▶ **PROBLEM**
Nothing but the records, copied exactly and stripped of pictures, should be in the answer.

▶ **Source data**
• • • • • • •

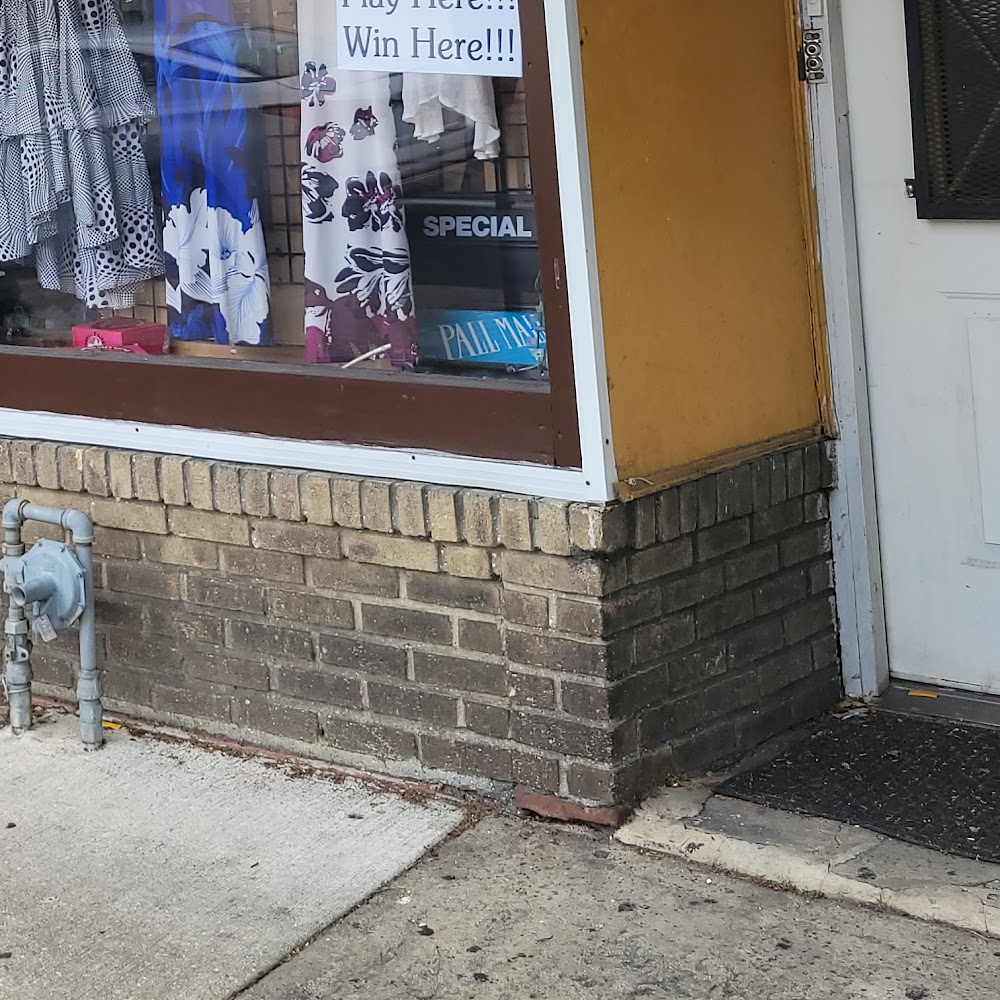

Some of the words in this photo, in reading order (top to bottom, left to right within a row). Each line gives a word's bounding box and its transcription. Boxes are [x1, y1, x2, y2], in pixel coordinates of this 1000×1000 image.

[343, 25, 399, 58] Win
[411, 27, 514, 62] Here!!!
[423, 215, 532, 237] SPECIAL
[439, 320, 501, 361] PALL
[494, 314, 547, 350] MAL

• • • • • • •

▶ **ANSWER SPACE**
Some of the words in this photo, in reading order (top to bottom, left to right within a row). Each line gives a word's bounding box and its transcription. Boxes are [x1, y1, x2, y2], in pixel coordinates of this 1000×1000 image.

[343, 25, 399, 58] Win
[411, 27, 514, 62] Here!!!
[423, 215, 532, 237] SPECIAL
[439, 320, 501, 361] PALL
[494, 314, 547, 350] MAL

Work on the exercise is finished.